The failure of the 2011 Rockies made it clear that O'Dowd's pipeline pipe-dream had run dry. The Rockies do have two outstanding players in the prime of their career, but very little else in the way of 'comfortably above-average' on the 2012 roster. And it was this understanding that led to the construction of the 2012 Rockies as a team that only the most optimistic fan could see returning to postseason play.

The 2012 season isn't quite a push of the reset button, as in 2004, but it's clear that it's Dan O'Dowd's last stand. By the end of this season, we will know if the pipeline is flowing again. We will know if Friedrich, Alex White, Drew Pomeranz can be rotation regulars. We will know if Wilin Rosario can be the answer behind the plate, and we might just catch our first glimpses of Nolan Arenado, Josh Rutledge, and other position prospects.
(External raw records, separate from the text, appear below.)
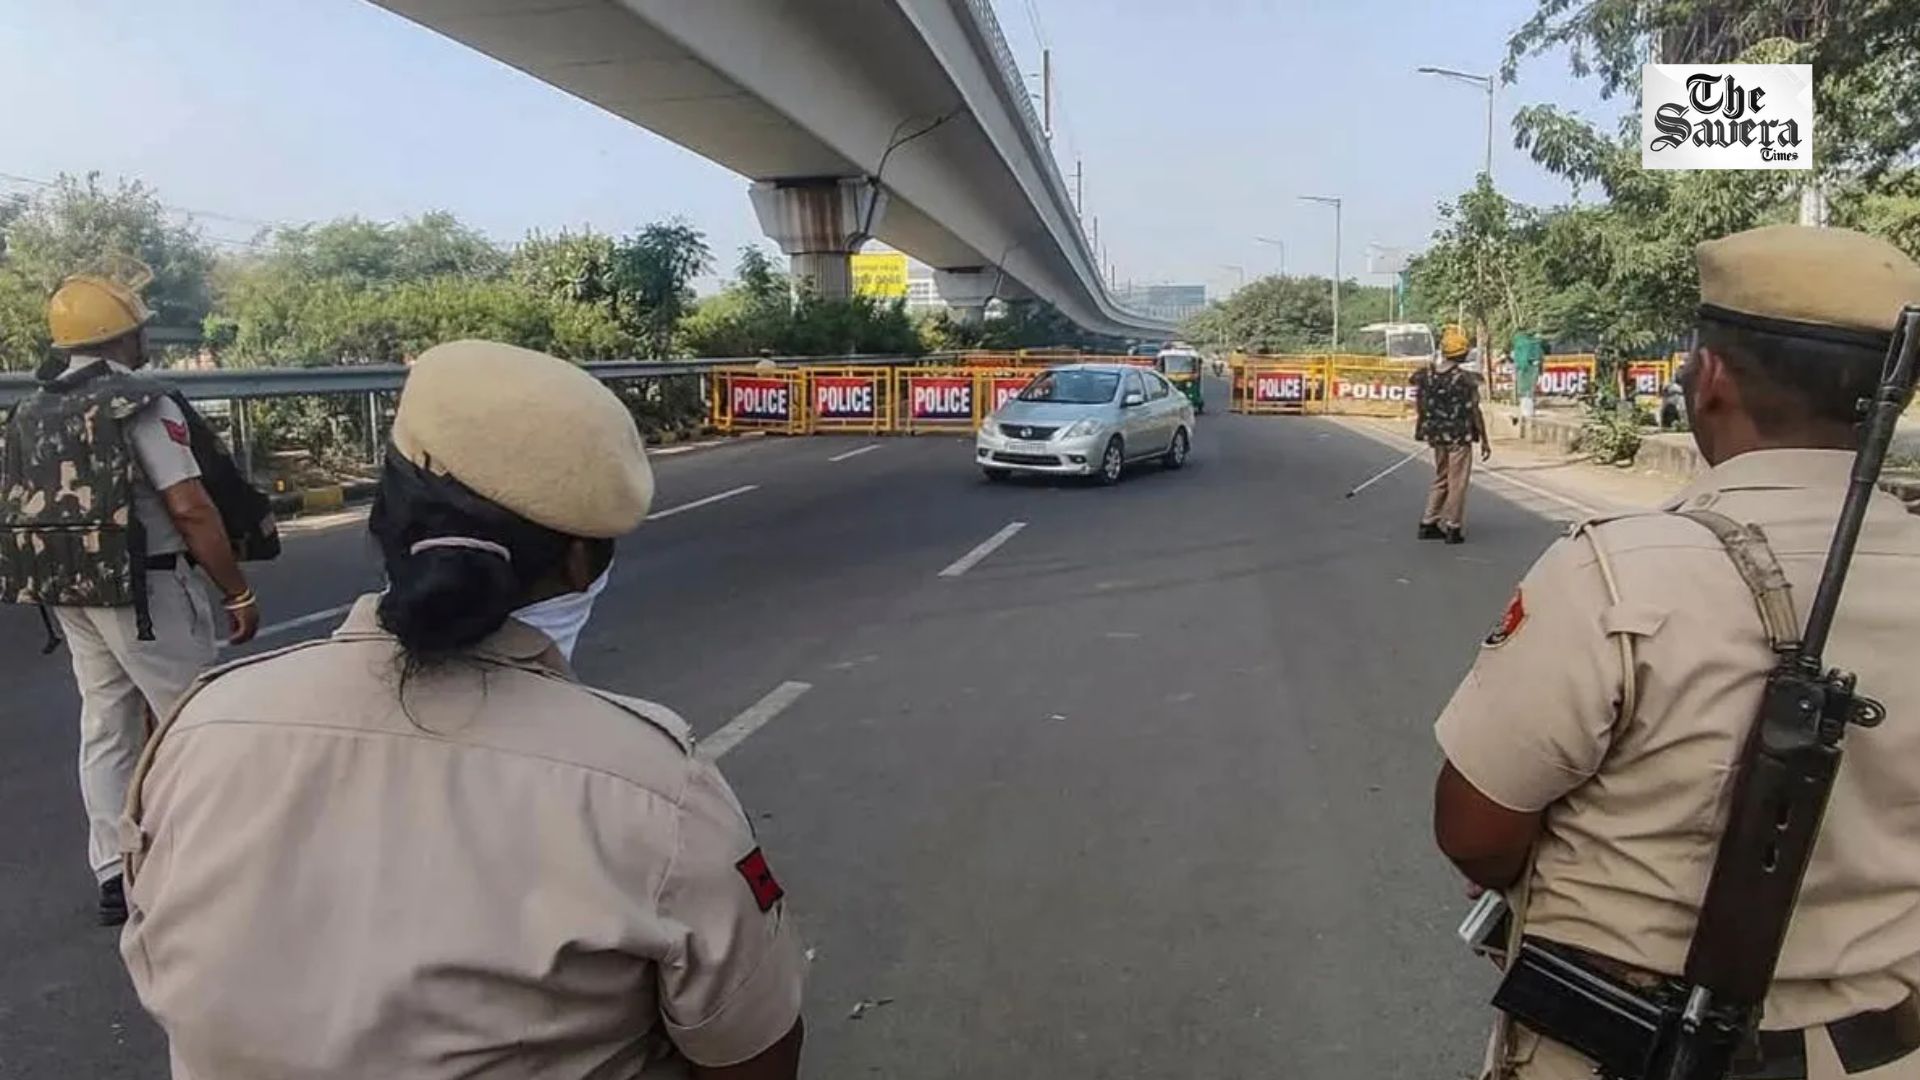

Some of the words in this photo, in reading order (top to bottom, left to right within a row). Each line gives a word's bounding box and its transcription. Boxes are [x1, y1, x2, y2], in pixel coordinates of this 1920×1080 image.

[1258, 378, 1301, 398] POLICE
[1338, 382, 1419, 401] POLICE
[1537, 371, 1587, 394] OLICE
[733, 386, 787, 414] POLICE
[817, 386, 871, 411] POLICE
[914, 386, 970, 411] POLICE
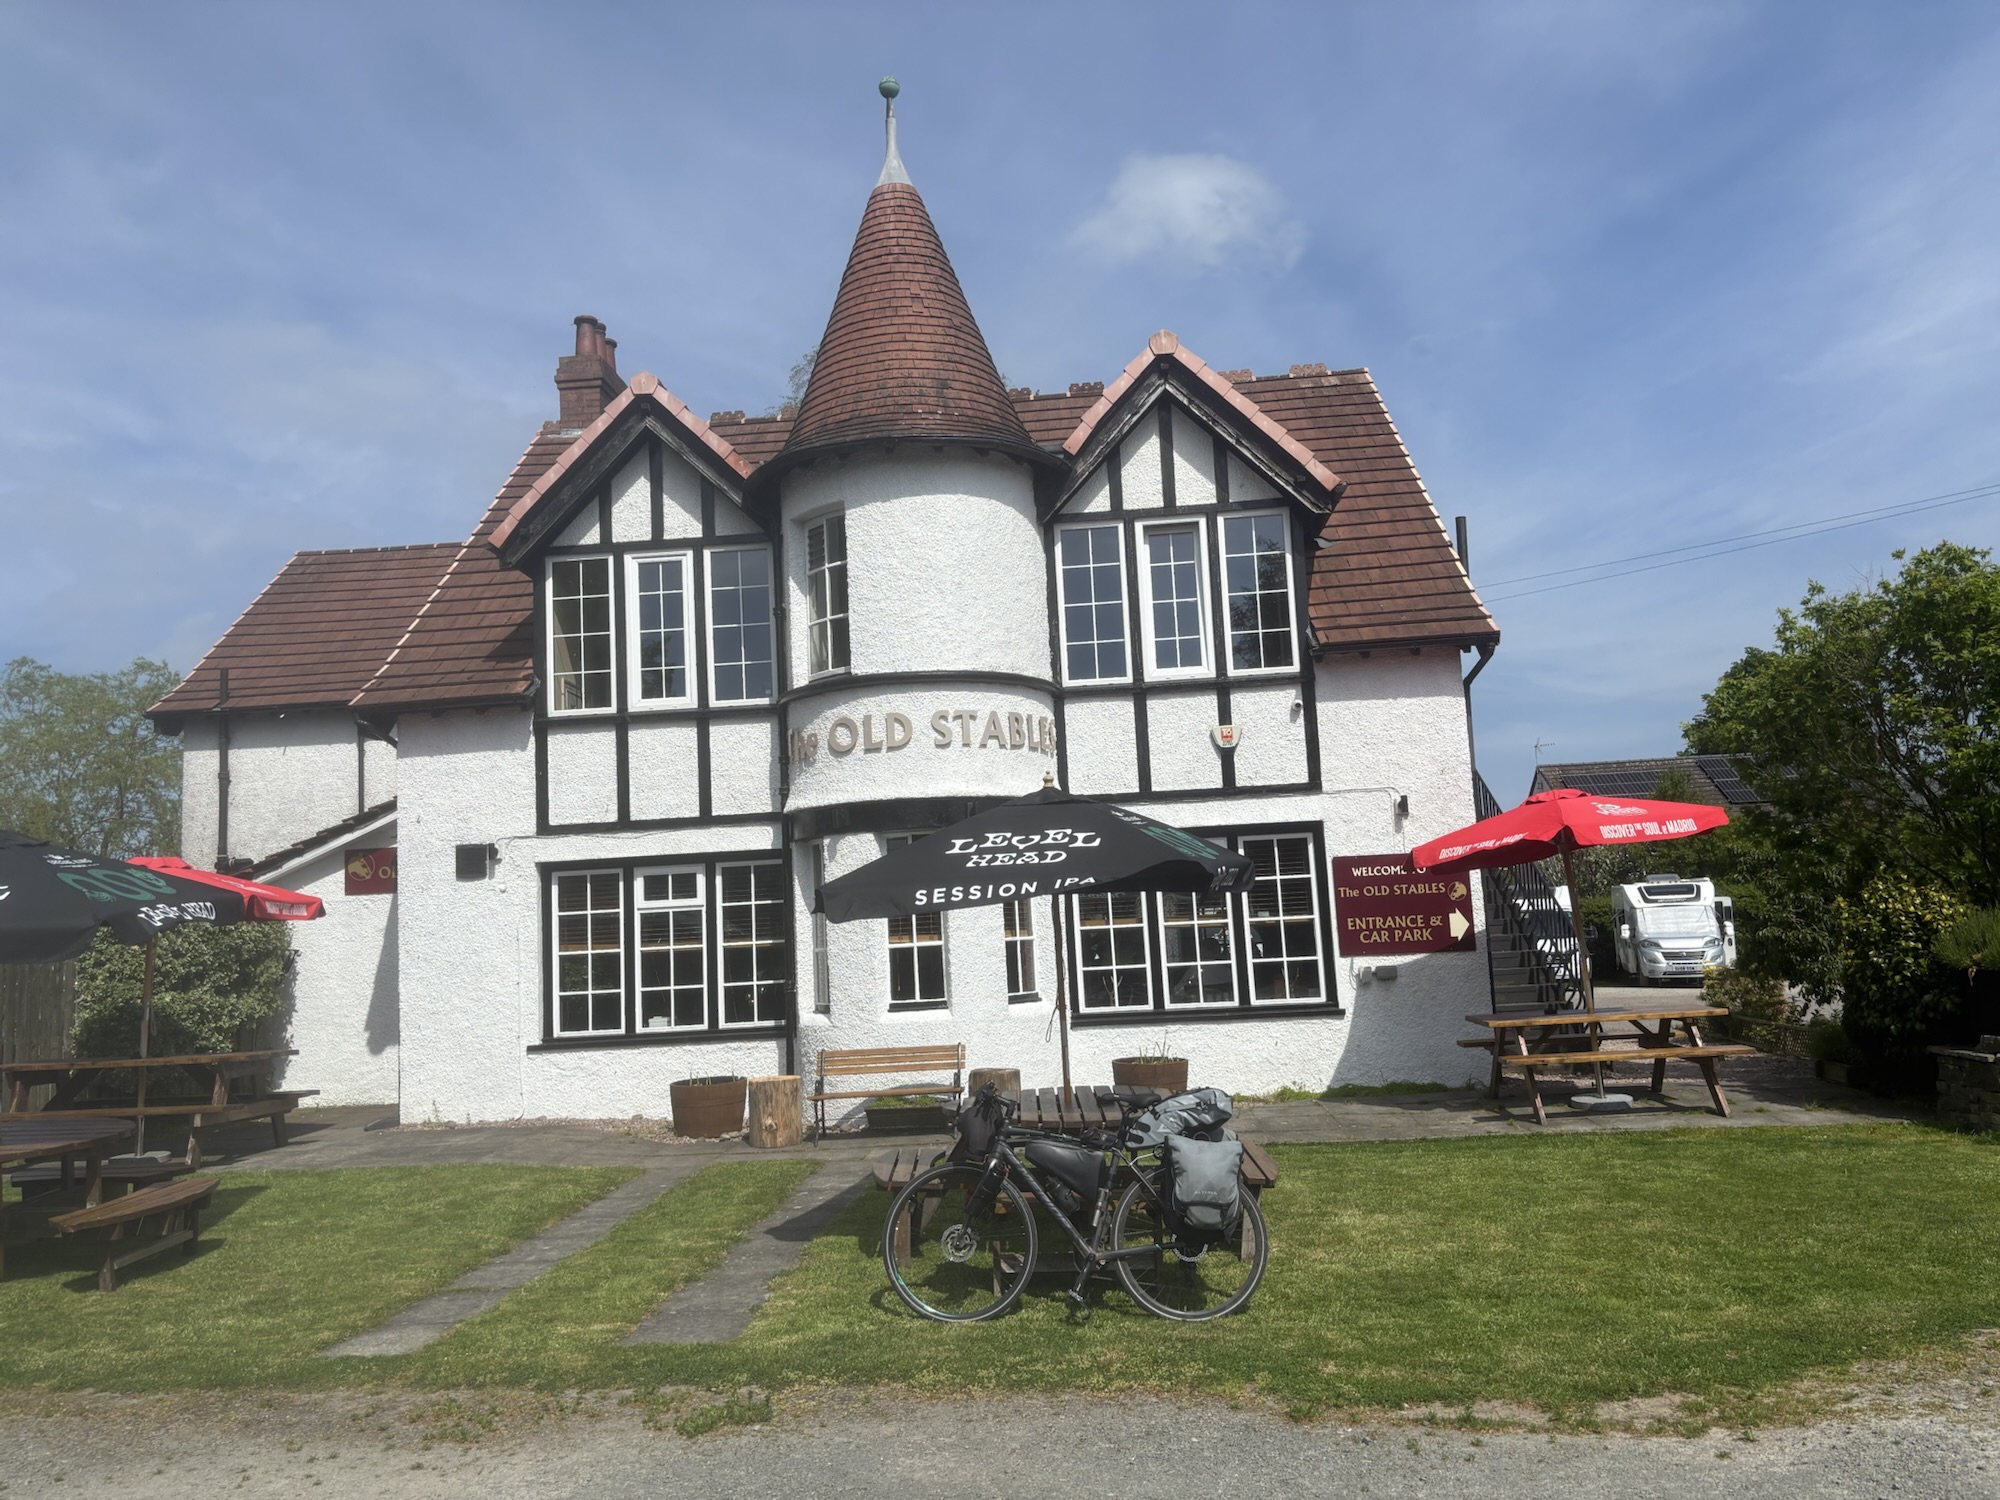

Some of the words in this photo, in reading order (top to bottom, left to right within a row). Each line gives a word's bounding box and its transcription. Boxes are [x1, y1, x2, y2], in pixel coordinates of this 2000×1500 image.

And if the answers come back negative, if the scouting/player development side of the Rockies organization continues to show regression, then I believe the team will head into 2013 with a brand new front office.

But this is a story that will take the full 162 games to write. Not 40, not 50, not 81, but an entire season. I can't speak to who will serve out the season in the dugout, or who will be making mid-inning visits to the pitcher's mound, but I do believe that 2012 is more of an experimental season than we'd all wanted to admit back in March. It will be a test of endurance in the stands and in front of the nightly ROOT Sports telecast. Like a battered starter left in to absorb innings to protect a tired bullpen, Rockies fans are going to have to wear it. Time will tell if the men in charge will, too.